International law, it is time to remind the UN General Assembly, is never a suicide pact.
The writer (PhD, Princeton, 1971) is the author of many books and articles dealing with nuclear strategy and nuclear war. Professor of Political Science and International Law at Purdue for 43 years, he was chairman of Project Daniel (Israel, prime minister Ariel Sharon, 2003).
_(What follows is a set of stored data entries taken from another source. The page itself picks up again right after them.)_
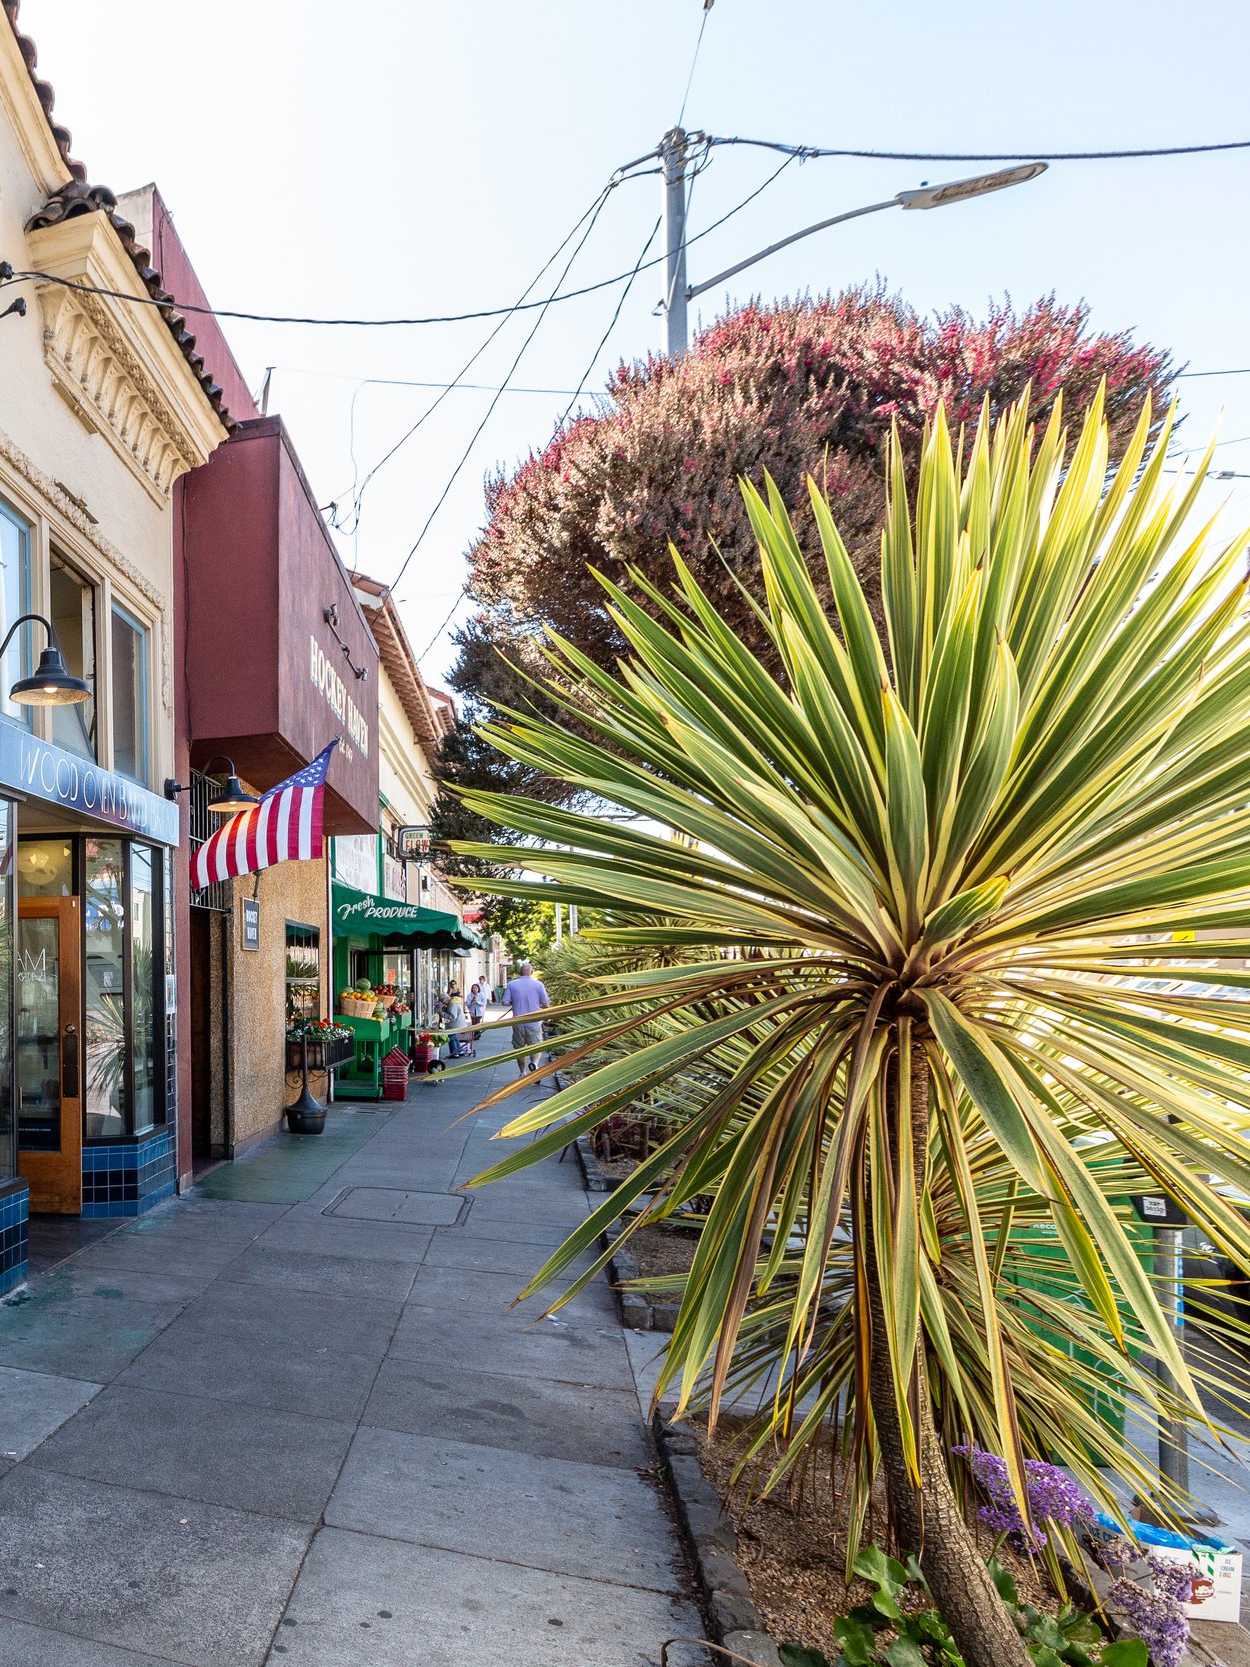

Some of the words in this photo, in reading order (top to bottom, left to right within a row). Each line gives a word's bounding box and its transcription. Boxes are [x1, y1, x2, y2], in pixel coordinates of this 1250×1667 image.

[310, 634, 347, 727] HOCKEY
[348, 695, 369, 759] HAVEN
[20, 740, 79, 802] WOOD
[83, 770, 116, 815] OVEN
[337, 895, 376, 921] Fresh
[364, 906, 419, 919] PRODUCE
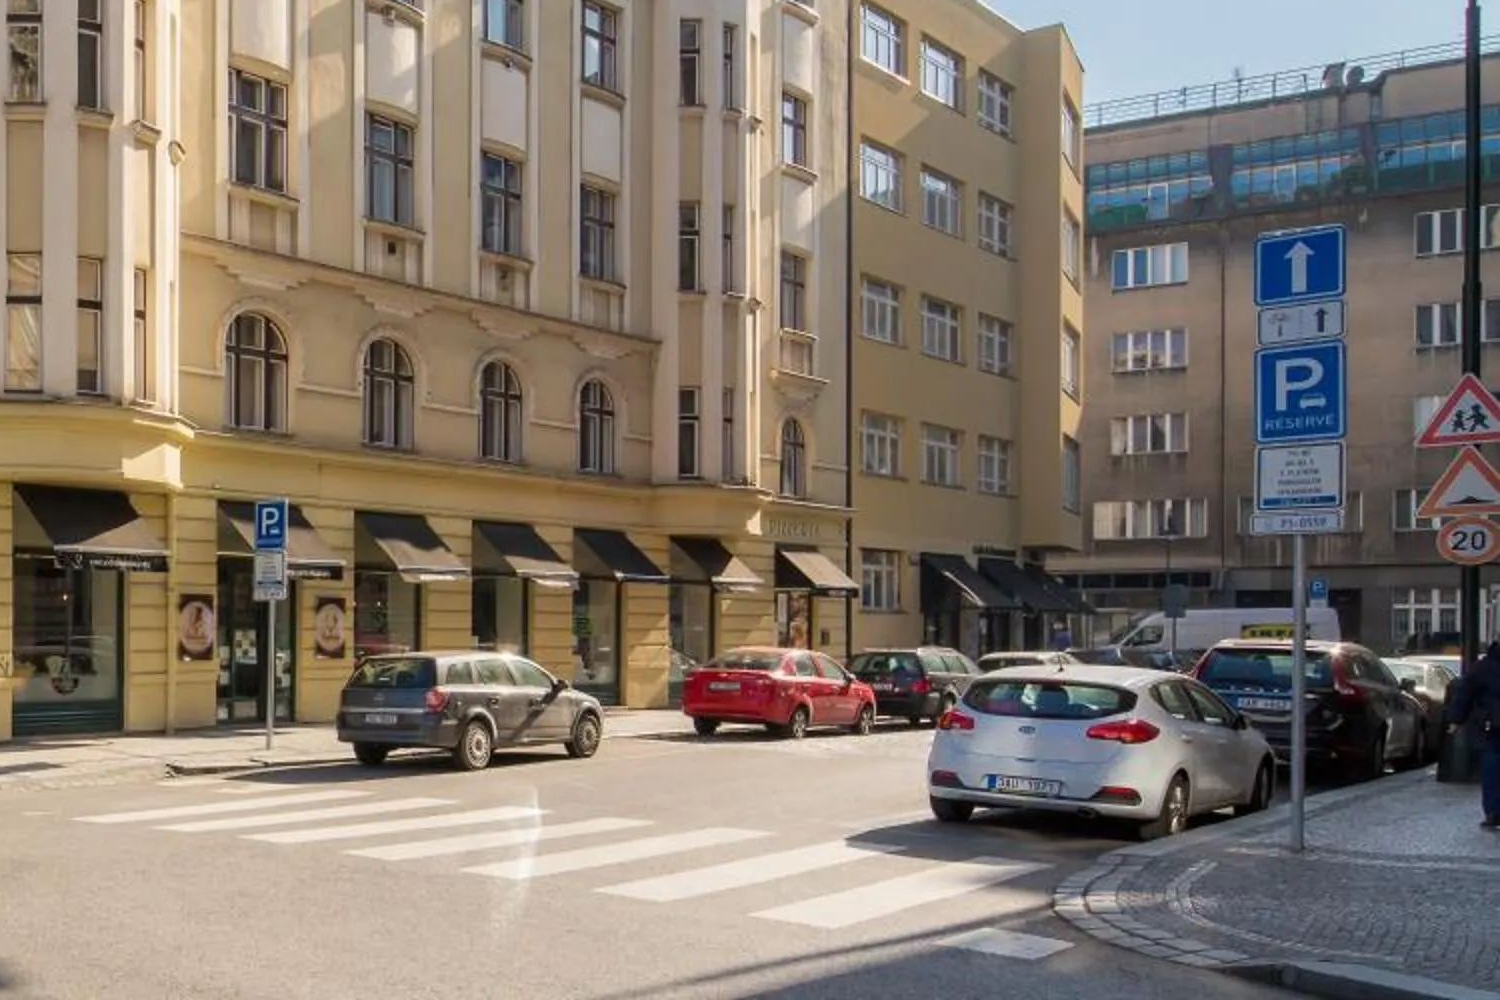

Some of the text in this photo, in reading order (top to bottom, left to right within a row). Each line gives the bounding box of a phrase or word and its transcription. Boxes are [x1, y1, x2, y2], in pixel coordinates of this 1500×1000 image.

[1275, 357, 1324, 411] P
[261, 507, 280, 536] P
[1451, 530, 1486, 551] 20
He is a regular contributor to The Jerusalem Post and also to The New York Times; The Washington Times; US News & World Report; The Atlantic; The Harvard National Security Journal; The Brown Journal of World Affairs and other publications. His most recent academic strategy papers in Israel have been published by the BESA Center for Strategic Studies, the Institute for National Security Studies and the Institute for Policy and Strategy.